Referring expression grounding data
------------------------------------------------------------------------

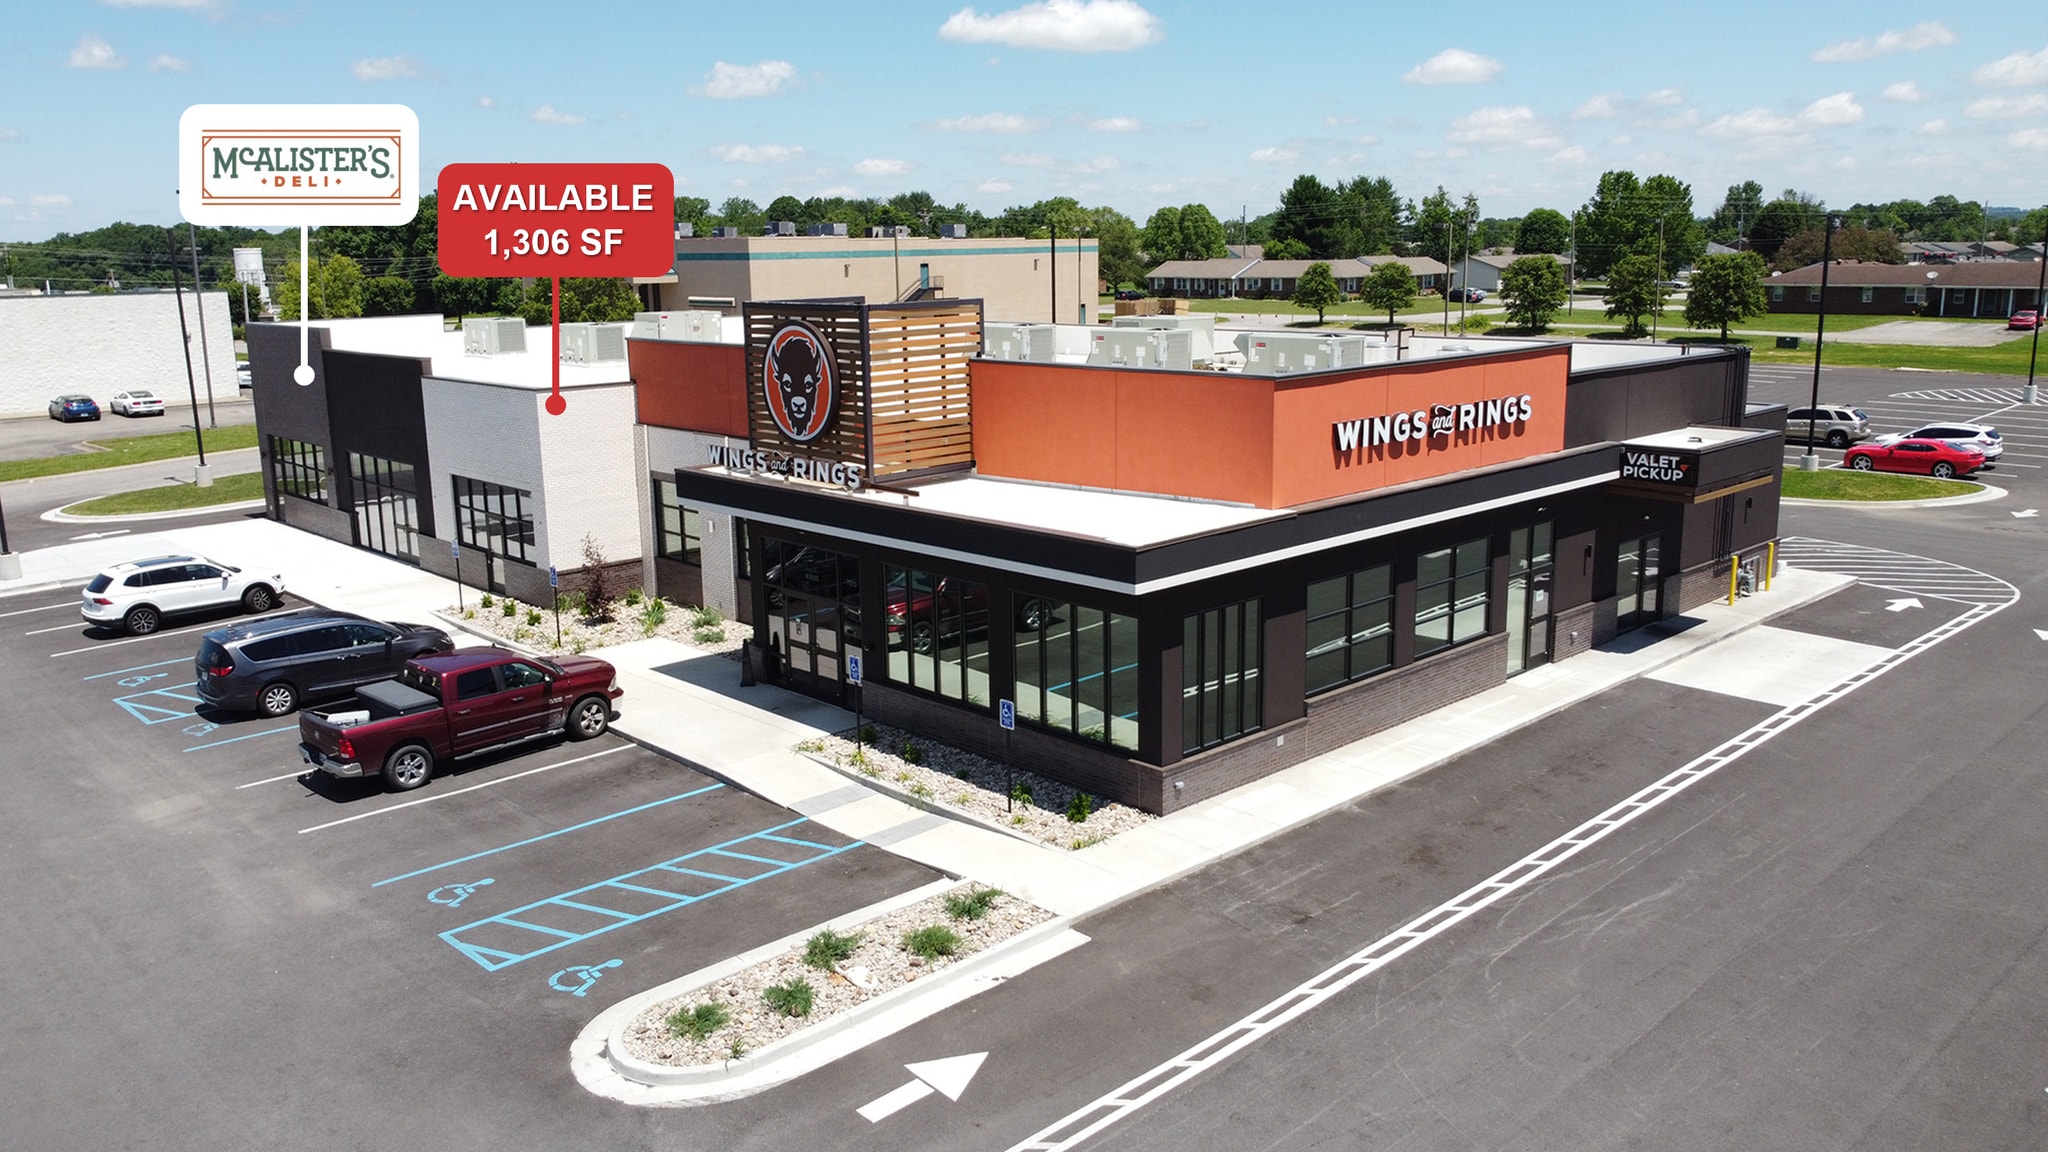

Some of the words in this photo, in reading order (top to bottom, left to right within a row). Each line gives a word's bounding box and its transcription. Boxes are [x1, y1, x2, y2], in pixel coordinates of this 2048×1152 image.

[1336, 410, 1427, 451] WINGS
[1431, 404, 1456, 438] and
[1459, 394, 1532, 431] RINGS
[708, 444, 767, 473] WINGS
[770, 450, 789, 476] and
[793, 457, 861, 488] RINGS
[1623, 465, 1683, 481] PICKUP
[1627, 452, 1680, 469] VALET

------------------------------------------------------------------------

### Work to complete
Word for word, give the entries above again, with no images included.

### Response area
Some of the words in this photo, in reading order (top to bottom, left to right within a row). Each line gives a word's bounding box and its transcription. Boxes are [x1, y1, x2, y2], in pixel coordinates of this 2048×1152 image.

[1336, 410, 1427, 451] WINGS
[1431, 404, 1456, 438] and
[1459, 394, 1532, 431] RINGS
[708, 444, 767, 473] WINGS
[770, 450, 789, 476] and
[793, 457, 861, 488] RINGS
[1623, 465, 1683, 481] PICKUP
[1627, 452, 1680, 469] VALET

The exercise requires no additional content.